Previous observational studies examining the association between CVD and mental illness have produced conflicting findings. The confounding effects of psychiatric medication on cardiometabolic risk cannot be ruled out, thus making it difficult to assess the independent risk of CVD. Menopause is also associated with metabolic dysfunction that must be considered when estimating the effect of mental illness on CVD risk in women.

Several large genome-wide association studies (GWASs) have been performed to estimate the genetic risk of both mental illness and CVDs. These studies investigate the overlap between genetic and biological factors between different illnesses to provide insights into the potential causal relationship between these diseases.

Mendelian randomization (MR) analyses have demonstrated that depression contributes to the risk of heart failure (HF) and coronary artery disease (CAD). However, the role of genetic factors in concurrent CVD and mental disorder risk in either sex remains unclear.

About the study

The present epidemiological study used polygenic scores (PGSs) to estimate the genetic risk for major depression (MD), schizophrenia, and bipolar disorder. Thereafter, the association of these scores with the risk of developing atrial fibrillation (AF), CAD, and HF was determined.
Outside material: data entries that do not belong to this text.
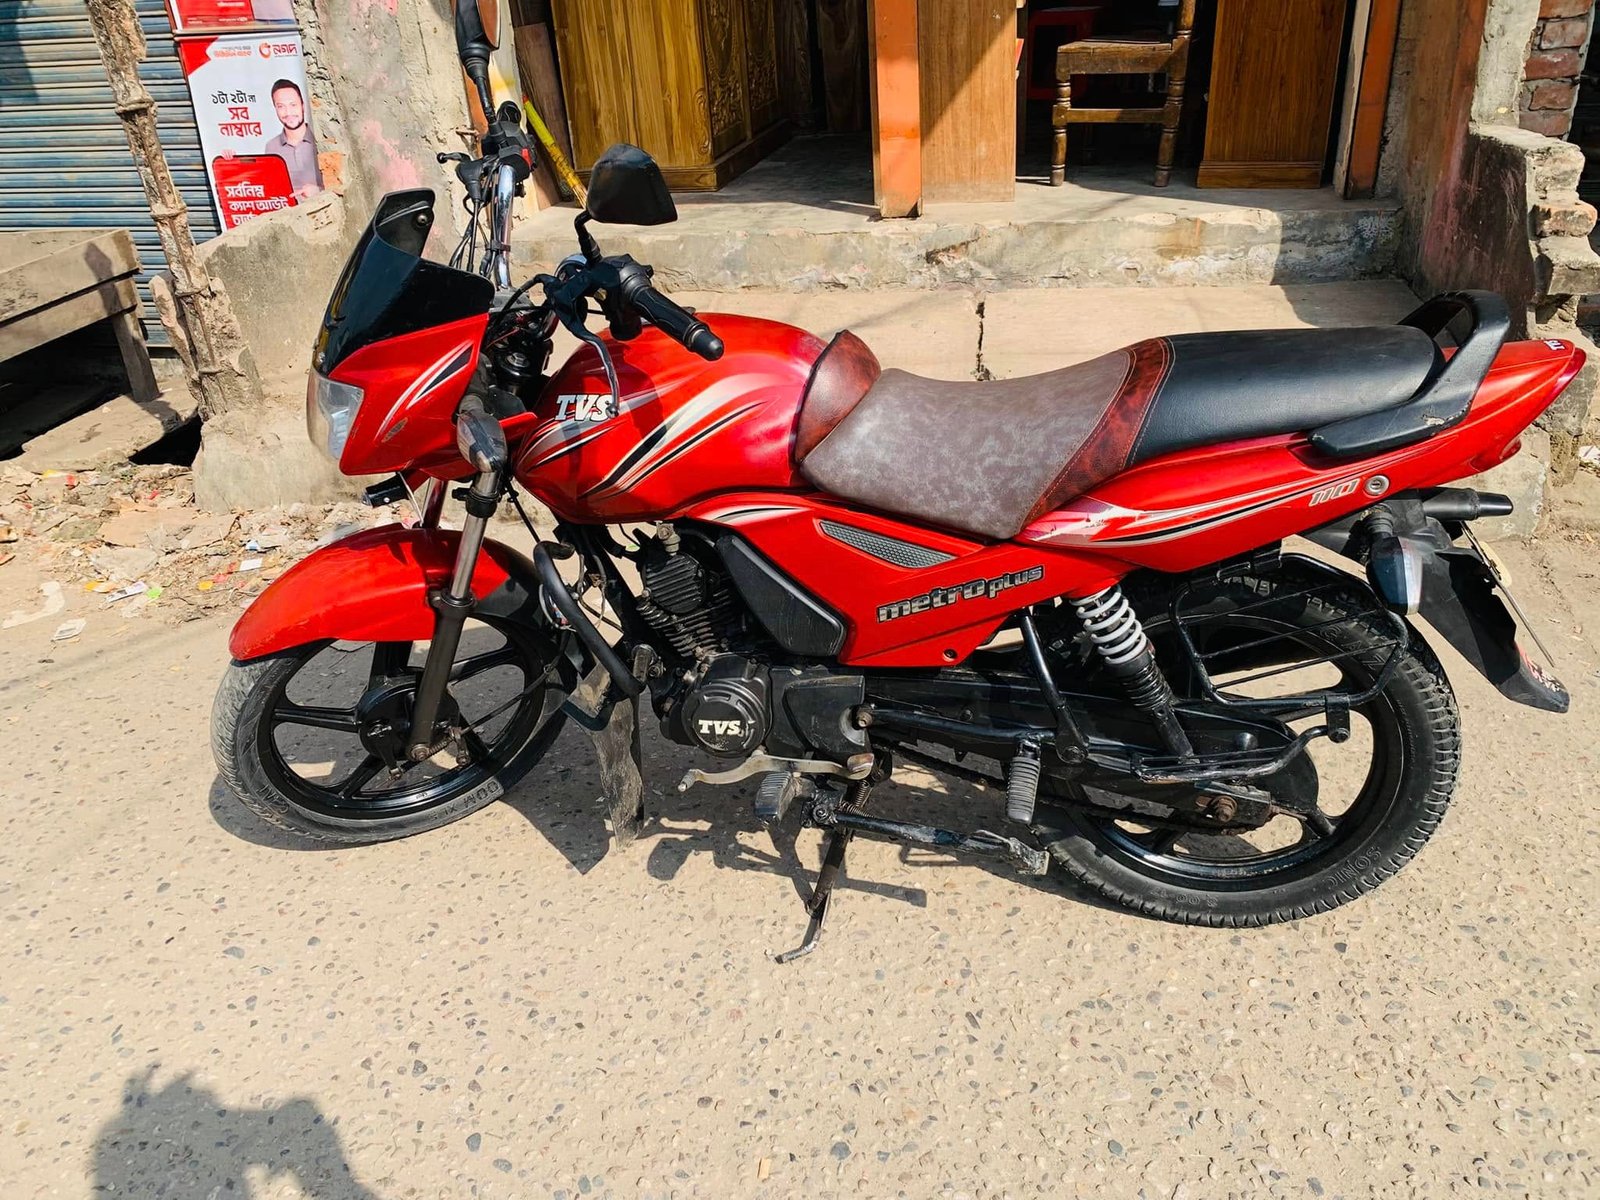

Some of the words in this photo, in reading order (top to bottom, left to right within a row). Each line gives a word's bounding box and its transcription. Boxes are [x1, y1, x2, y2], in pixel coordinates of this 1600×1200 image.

[272, 43, 298, 55] নগদ
[211, 90, 229, 105] ১টা
[231, 90, 247, 104] ২টা
[228, 106, 250, 121] সব
[218, 122, 263, 138] নাম্বারে
[553, 394, 612, 422] TVS
[1308, 478, 1361, 507] 110
[877, 579, 988, 623] metro
[987, 565, 1044, 599] plus
[698, 719, 743, 736] TVS
The primary cohort comprised 345,169 United Kingdom Biobank participants of European ancestry. Identical analyses were performed on this and another BioVU cohort of 49,057 individuals.

MD associated with CVD risk in females

In the U.K. Biobank cohort, the risk of all three new-onset CVDs was correlated with one standard deviation (SD) increase in genetic risk for MD (PGS-MD). Women at a higher genetic risk for MD were also more likely to develop CVDs by 4%, 7%, and 9% for AF, CAD, and HF, respectively.
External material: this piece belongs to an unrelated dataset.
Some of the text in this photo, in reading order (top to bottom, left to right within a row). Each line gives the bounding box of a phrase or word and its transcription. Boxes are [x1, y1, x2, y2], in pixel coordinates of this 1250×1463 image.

This increased risk was not attributed to the genetic risk for the three CVDs, and it was not observed in males.

The MR analysis suggests that the association between an MD diagnosis and CVD risk in females or higher CAD risk in males is not causal.
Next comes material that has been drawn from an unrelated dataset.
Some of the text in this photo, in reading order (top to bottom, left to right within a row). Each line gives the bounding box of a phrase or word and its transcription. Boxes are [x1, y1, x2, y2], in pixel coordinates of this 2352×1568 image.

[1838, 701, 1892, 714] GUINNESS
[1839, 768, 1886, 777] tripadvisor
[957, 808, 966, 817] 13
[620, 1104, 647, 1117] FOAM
CVD-MD association without MD diagnosis or treatment

CVD risk was associated with an increased genetic risk for depression among females without a diagnosis of MD and no history of medication use for depression. The risk for AF, CAD, and HF was increased by 3%, 5%, and 7%, respectively, in this subgroup, thus suggesting that the increased CVD risk may not be directly related to medication- or behavior-related effects due to MD.

Modifiable factors mediate part of the risk

The association of genetic risk for MD with CVDs in females was partly caused by increased baseline body mass index (BMI), higher blood cholesterol levels, higher blood pressure, and current smoking status. However, these factors mediate a larger share of the risk in males, thus indicating a sex-specific genetic risk contribution among females.

Menopause, MD, and CVD risk

The genetic risk for MD correlates with CAD risk in females, irrespective of their baseline menopausal status. The risk was 22% and 7% higher among pre- and postmenopausal women, respectively. In both groups, the CAD risk exceeded that in males.

For AF and HF, only postmenopausal women were associated with an increased incident risk by 3% and 10%, respectively, with a higher genetic risk observed for those with MD. Notably, the current study did not control for the use of hormone replacement therapy. 

This trend was not observed among premenopausal women, possibly due to the inadequately powered sample. The genetic risk for schizophrenia or bipolar disorder was not associated with incident CVDs.

These findings were partly replicated in the BioVU cohort. However, the sex-specific differences in risk were insignificant, possibly due to the smaller cohort size.

Conclusions

The study findings indicate that women with a genetic risk of MD are more likely to develop AF and HF than males with a corresponding risk while also confirming previous reports of an increased CAD risk among females in association with genetic MD risk. This association persists in the absence of a diagnosis of depression.

Our findings highlight the importance of further investigation into the mechanisms that mediate the association between the genetic risk of MD and CVD risks, particularly mechanisms underlying the sex difference.”